[MATERIAL PROVIDED]

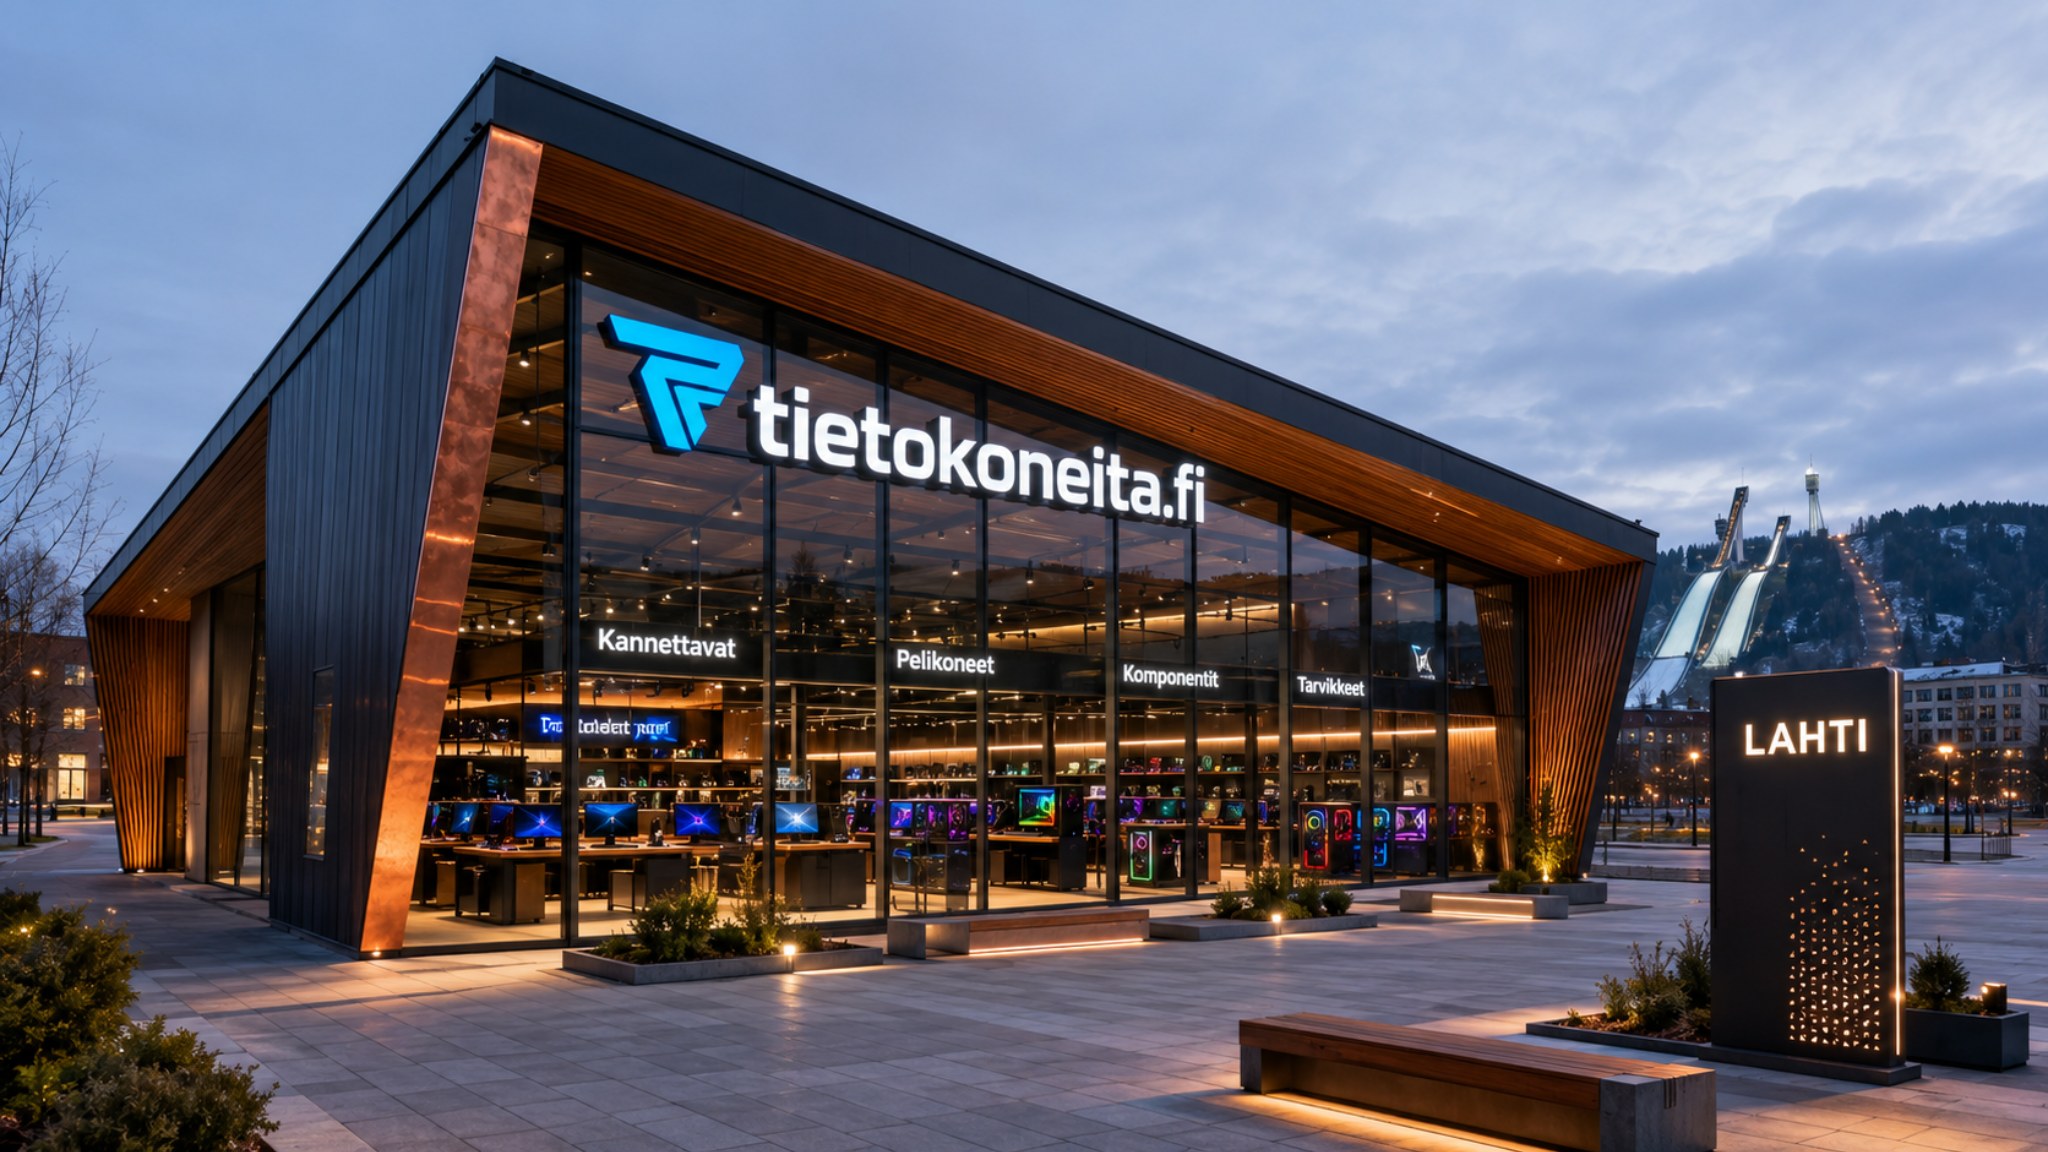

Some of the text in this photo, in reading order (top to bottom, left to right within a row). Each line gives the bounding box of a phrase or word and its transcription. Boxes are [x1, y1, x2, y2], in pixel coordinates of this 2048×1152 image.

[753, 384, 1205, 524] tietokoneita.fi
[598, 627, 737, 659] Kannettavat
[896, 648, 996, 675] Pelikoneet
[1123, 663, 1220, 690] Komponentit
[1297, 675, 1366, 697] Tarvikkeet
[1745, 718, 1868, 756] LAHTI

[/MATERIAL PROVIDED]

#### YOUR INSTRUCTIONS:
Would you please copy the material exactly, leaving all the pictures out?

#### RESULT OF THE EXERCISE:
Some of the text in this photo, in reading order (top to bottom, left to right within a row). Each line gives the bounding box of a phrase or word and its transcription. Boxes are [x1, y1, x2, y2], in pixel coordinates of this 2048×1152 image.

[753, 384, 1205, 524] tietokoneita.fi
[598, 627, 737, 659] Kannettavat
[896, 648, 996, 675] Pelikoneet
[1123, 663, 1220, 690] Komponentit
[1297, 675, 1366, 697] Tarvikkeet
[1745, 718, 1868, 756] LAHTI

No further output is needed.